Exercise brief: Each record must be retyped in full. No character may differ.

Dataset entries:
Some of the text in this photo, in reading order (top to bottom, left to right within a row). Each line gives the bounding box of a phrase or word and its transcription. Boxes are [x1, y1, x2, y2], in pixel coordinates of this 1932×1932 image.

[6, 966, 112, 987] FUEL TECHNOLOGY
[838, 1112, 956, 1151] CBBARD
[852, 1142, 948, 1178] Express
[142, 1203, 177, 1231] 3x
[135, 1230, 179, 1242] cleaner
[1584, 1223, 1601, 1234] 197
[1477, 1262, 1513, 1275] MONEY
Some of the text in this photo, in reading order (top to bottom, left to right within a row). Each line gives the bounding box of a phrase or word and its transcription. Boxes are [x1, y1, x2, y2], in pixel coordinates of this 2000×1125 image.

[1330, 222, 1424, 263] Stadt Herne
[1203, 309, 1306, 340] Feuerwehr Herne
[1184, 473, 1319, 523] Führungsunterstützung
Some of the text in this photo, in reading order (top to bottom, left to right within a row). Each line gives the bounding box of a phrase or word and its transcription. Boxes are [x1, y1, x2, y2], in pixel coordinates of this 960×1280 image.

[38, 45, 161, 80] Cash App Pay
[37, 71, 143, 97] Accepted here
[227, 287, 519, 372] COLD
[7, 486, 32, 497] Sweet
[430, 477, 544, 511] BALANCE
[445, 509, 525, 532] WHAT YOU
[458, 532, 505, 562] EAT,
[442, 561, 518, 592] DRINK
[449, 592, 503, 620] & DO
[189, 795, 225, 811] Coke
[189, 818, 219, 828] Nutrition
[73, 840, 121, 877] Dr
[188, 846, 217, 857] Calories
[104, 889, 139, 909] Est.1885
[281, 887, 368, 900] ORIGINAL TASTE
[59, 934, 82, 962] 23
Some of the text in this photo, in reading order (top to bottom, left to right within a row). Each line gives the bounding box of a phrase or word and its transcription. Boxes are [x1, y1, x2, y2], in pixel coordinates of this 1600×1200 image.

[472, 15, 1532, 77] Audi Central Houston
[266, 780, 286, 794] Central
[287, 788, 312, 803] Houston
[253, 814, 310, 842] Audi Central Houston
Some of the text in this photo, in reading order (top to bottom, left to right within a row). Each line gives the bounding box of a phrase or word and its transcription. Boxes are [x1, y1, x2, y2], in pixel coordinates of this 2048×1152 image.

Task response:
Some of the text in this photo, in reading order (top to bottom, left to right within a row). Each line gives the bounding box of a phrase or word and its transcription. Boxes are [x1, y1, x2, y2], in pixel coordinates of this 1932×1932 image.

[6, 966, 112, 987] FUEL TECHNOLOGY
[838, 1112, 956, 1151] CBBARD
[852, 1142, 948, 1178] Express
[142, 1203, 177, 1231] 3x
[135, 1230, 179, 1242] cleaner
[1584, 1223, 1601, 1234] 197
[1477, 1262, 1513, 1275] MONEY
Some of the text in this photo, in reading order (top to bottom, left to right within a row). Each line gives the bounding box of a phrase or word and its transcription. Boxes are [x1, y1, x2, y2], in pixel coordinates of this 2000×1125 image.

[1330, 222, 1424, 263] Stadt Herne
[1203, 309, 1306, 340] Feuerwehr Herne
[1184, 473, 1319, 523] Führungsunterstützung
Some of the text in this photo, in reading order (top to bottom, left to right within a row). Each line gives the bounding box of a phrase or word and its transcription. Boxes are [x1, y1, x2, y2], in pixel coordinates of this 960×1280 image.

[38, 45, 161, 80] Cash App Pay
[37, 71, 143, 97] Accepted here
[227, 287, 519, 372] COLD
[7, 486, 32, 497] Sweet
[430, 477, 544, 511] BALANCE
[445, 509, 525, 532] WHAT YOU
[458, 532, 505, 562] EAT,
[442, 561, 518, 592] DRINK
[449, 592, 503, 620] & DO
[189, 795, 225, 811] Coke
[189, 818, 219, 828] Nutrition
[73, 840, 121, 877] Dr
[188, 846, 217, 857] Calories
[104, 889, 139, 909] Est.1885
[281, 887, 368, 900] ORIGINAL TASTE
[59, 934, 82, 962] 23
Some of the text in this photo, in reading order (top to bottom, left to right within a row). Each line gives the bounding box of a phrase or word and its transcription. Boxes are [x1, y1, x2, y2], in pixel coordinates of this 1600×1200 image.

[472, 15, 1532, 77] Audi Central Houston
[266, 780, 286, 794] Central
[287, 788, 312, 803] Houston
[253, 814, 310, 842] Audi Central Houston
Some of the text in this photo, in reading order (top to bottom, left to right within a row). Each line gives the bounding box of a phrase or word and its transcription. Boxes are [x1, y1, x2, y2], in pixel coordinates of this 2048×1152 image.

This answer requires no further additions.